Bakteriler en basit şekliyle de olsa belirgin bir hücre yapısındadır. Çekirdek ve organelleri yoktur. Bazı bakteriler kendi besinlerini yapabilir, ancak çoğu parazittir. Kimi bakteri oksijenli, kimi oksijensiz solunum yapar. Bakteriler her ortamda bulunabilir. Bakteri türlerinin yaşaması için uygun ortamlar farklı olabilir. Ortam uygun değilse bazı bakteriler spor oluşturarak, onları koruyan kalın bir duvar yaparlar.

Bir ortamın bakteri gibi mikroplardan temizlenmesine sterilizasyon denir. Süt gibi bazı besinlerdeki zararlı bakteriler pastörizasyon denilen ısıtma yöntemiyle giderilir. Lavabo, tuvalet, mutfak gibi ortamlarda dezenfektanlar kullanılır. Açık yaralardaki bakteriler ise antiseptikler ile öldürülür.

Vücuda giren bakteriler insanlarda verem, difteri, tetanos, zatürree, boğmaca, tifo, kolera gibi hastalıklara yol açar.
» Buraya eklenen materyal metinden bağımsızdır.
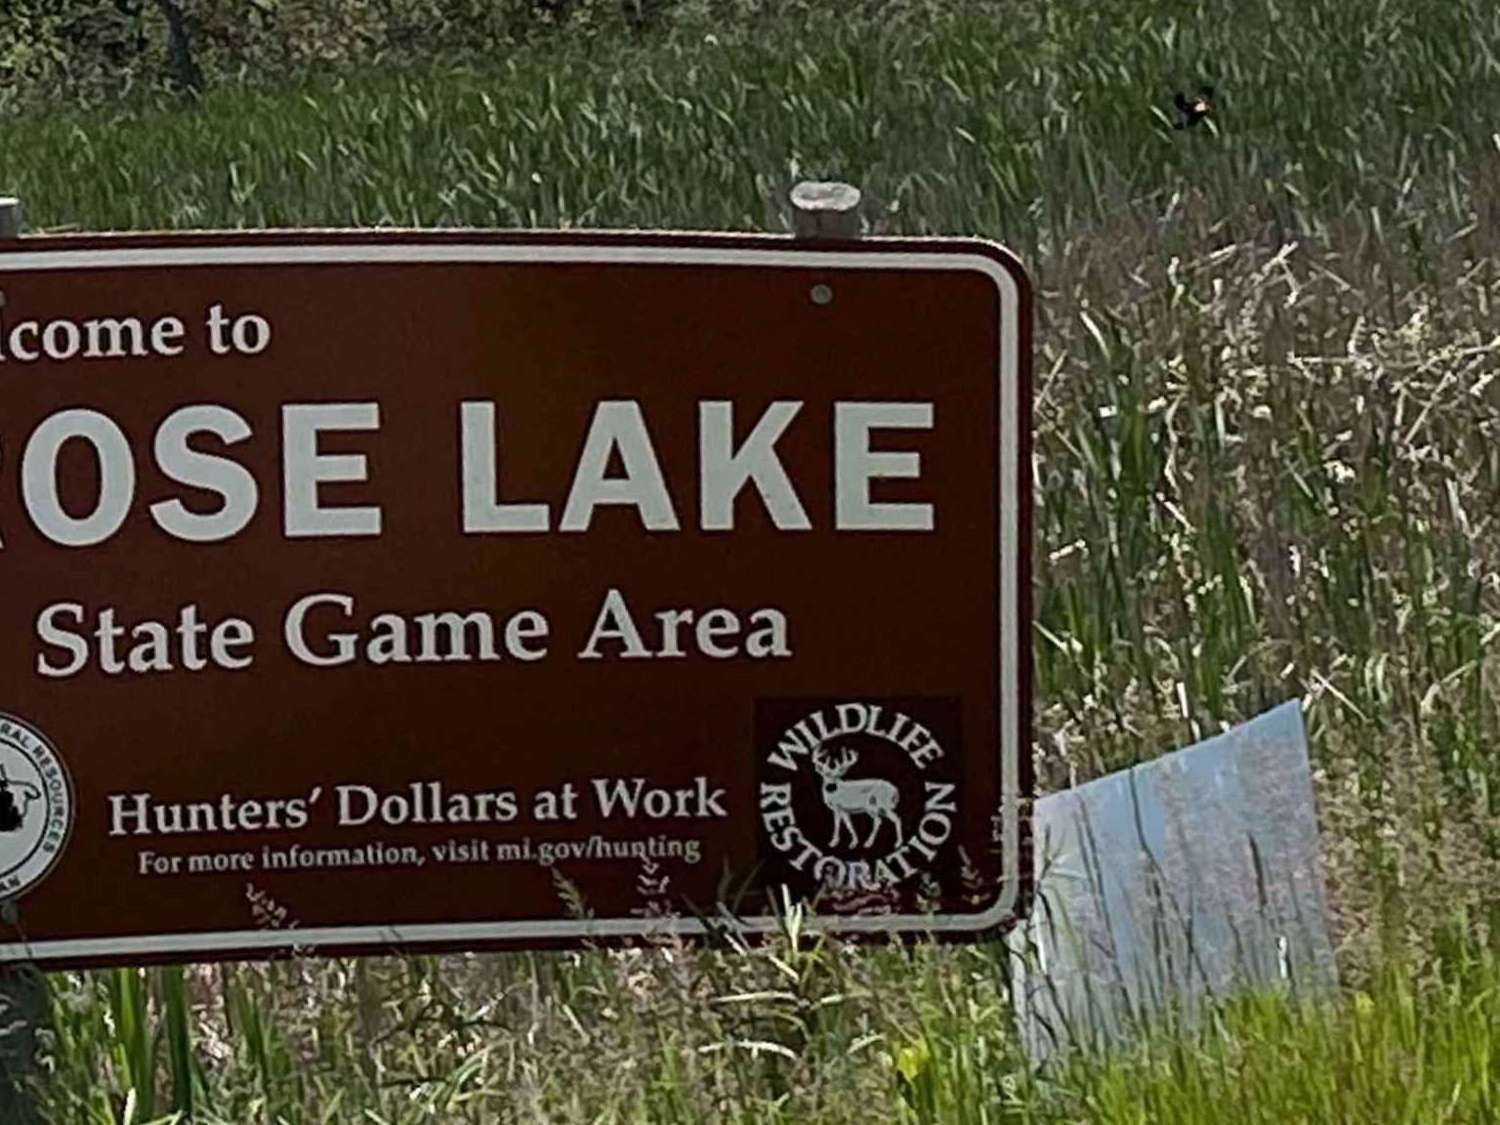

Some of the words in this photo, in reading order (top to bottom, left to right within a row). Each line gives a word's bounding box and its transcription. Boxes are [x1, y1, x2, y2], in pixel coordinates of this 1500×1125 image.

[206, 304, 270, 354] to
[460, 399, 935, 534] LAKE
[36, 602, 254, 677] State
[285, 593, 549, 666] Game
[577, 589, 792, 658] Area
[766, 701, 945, 772] WILDLIFE
[31, 744, 64, 853] RESOURCES
[108, 786, 322, 835] Hunters'
[335, 781, 518, 825] Dollars
[533, 782, 577, 820] at
[591, 776, 727, 818] Work
[759, 781, 957, 890] RESTORATION
[138, 851, 182, 874] For
[188, 852, 255, 873] more
[262, 841, 425, 867] information,
[432, 839, 490, 862] visit
[496, 835, 701, 866] mi.gov/hunting
Mikroplar vücuda sindirim yoluyla, solunum yoluyla, kan yoluyla, cinsel yolla veya deri yoluyla girebilir. Vücuda girdikten sonra uygun bir ortam bulunca oraya yerleşir ve hızla çoğalırlar.
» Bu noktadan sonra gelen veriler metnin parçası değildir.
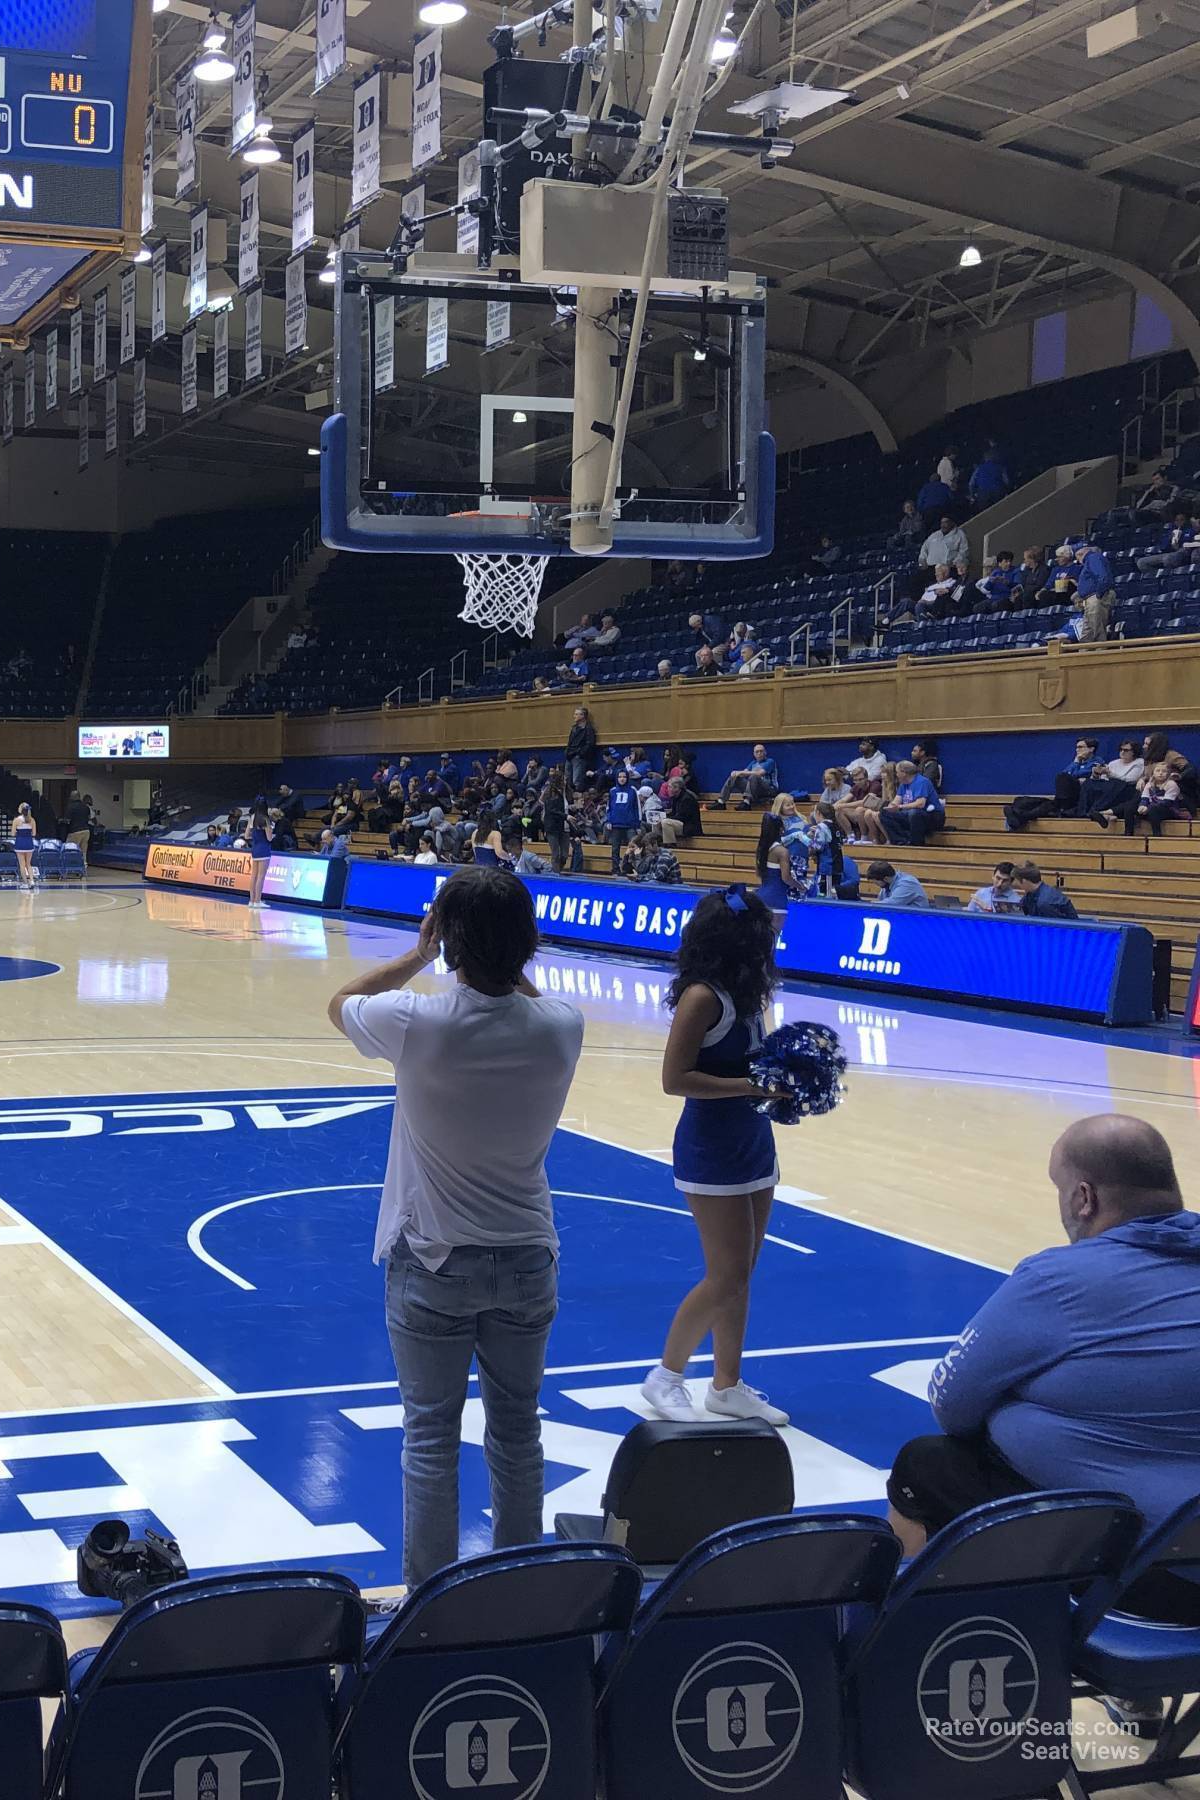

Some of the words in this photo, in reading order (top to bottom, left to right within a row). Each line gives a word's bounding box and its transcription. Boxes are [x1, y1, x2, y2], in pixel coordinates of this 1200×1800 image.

[50, 72, 81, 92] NU
[74, 105, 95, 144] 0
[152, 848, 189, 868] Continental
[203, 852, 246, 876] Continental
[161, 868, 179, 879] TIRE
[213, 876, 236, 887] TIRE
[536, 894, 625, 930] WOMEN'S
Vücudumuzda mikropların girmesini önleyen veya girdikten sonra onlarla savaşan çeşitli doğal savunma hatları vardır. İlk savunma hattı deri ve salgılamadır (deri yüzeyine salgılanan yağsı madde ve ter.) Gözler, solunum kanalı, üreme kanalı gibi açıklıklarda da birçok savunma vardır. Örneğin gözyaşında bulunan antiseptik madde, tükürük, burundaki kıllar ve mukus, soluk borusundaki siler gibi.
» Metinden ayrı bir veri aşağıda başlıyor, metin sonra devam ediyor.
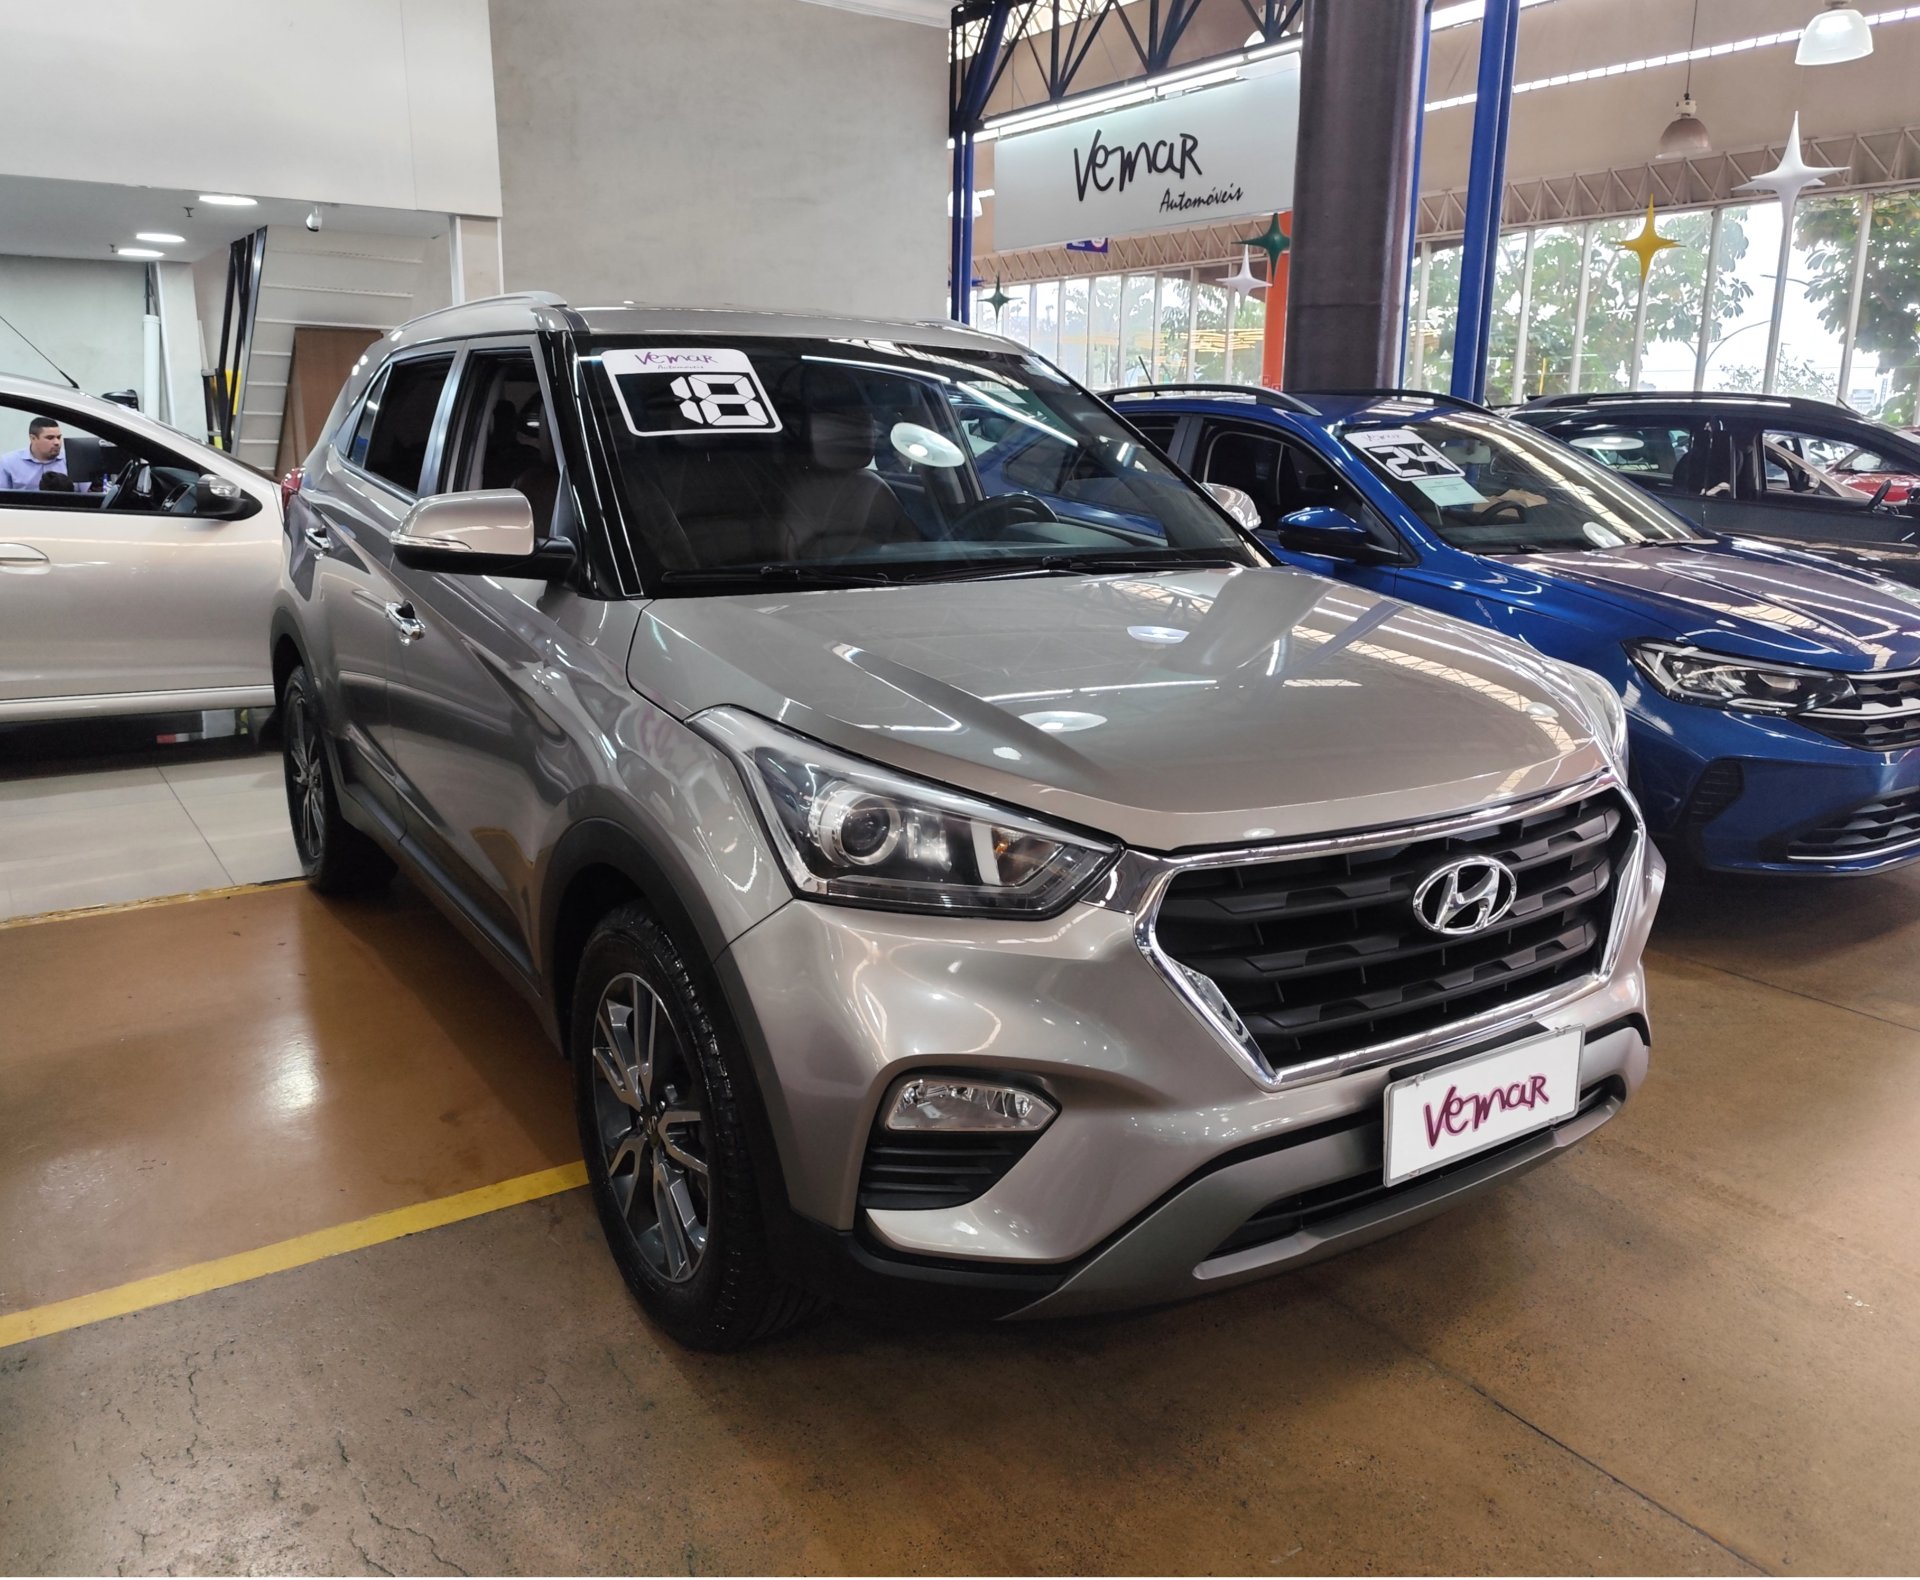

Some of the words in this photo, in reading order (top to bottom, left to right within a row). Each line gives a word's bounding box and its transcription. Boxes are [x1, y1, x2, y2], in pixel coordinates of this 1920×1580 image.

[1159, 183, 1244, 213] Automóveis
[670, 374, 769, 426] 18
[1369, 445, 1456, 477] 24
Bazen mikroplar direkt bir açıklıktan girmeye çalışır; açık yaralar gibi. Bu durumda ikinci savunma hattı devreye girer ve oluşan kızarıklık ve şişlikler vücudumuzun mikroplarla savaştığını gösterir. Bu bölgesel savunma sonucu iltihap oluşur. Bu da akyuvarların mikropları yutup, yok etmek için kimyasallar salgılamasından kaynaklanır.

Tüm bu korumalar yetersiz kaldığında üçüncü savunma hattı olarak bağışıklık sistemi devreye girer. Bağışıklık sisteminin temel elemanı, mikroorganizmaların yapısındaki antijen denilen maddeleri tanıyarak, karşı etkili antikorları üreten lenfosit denilen akyuvarlardır.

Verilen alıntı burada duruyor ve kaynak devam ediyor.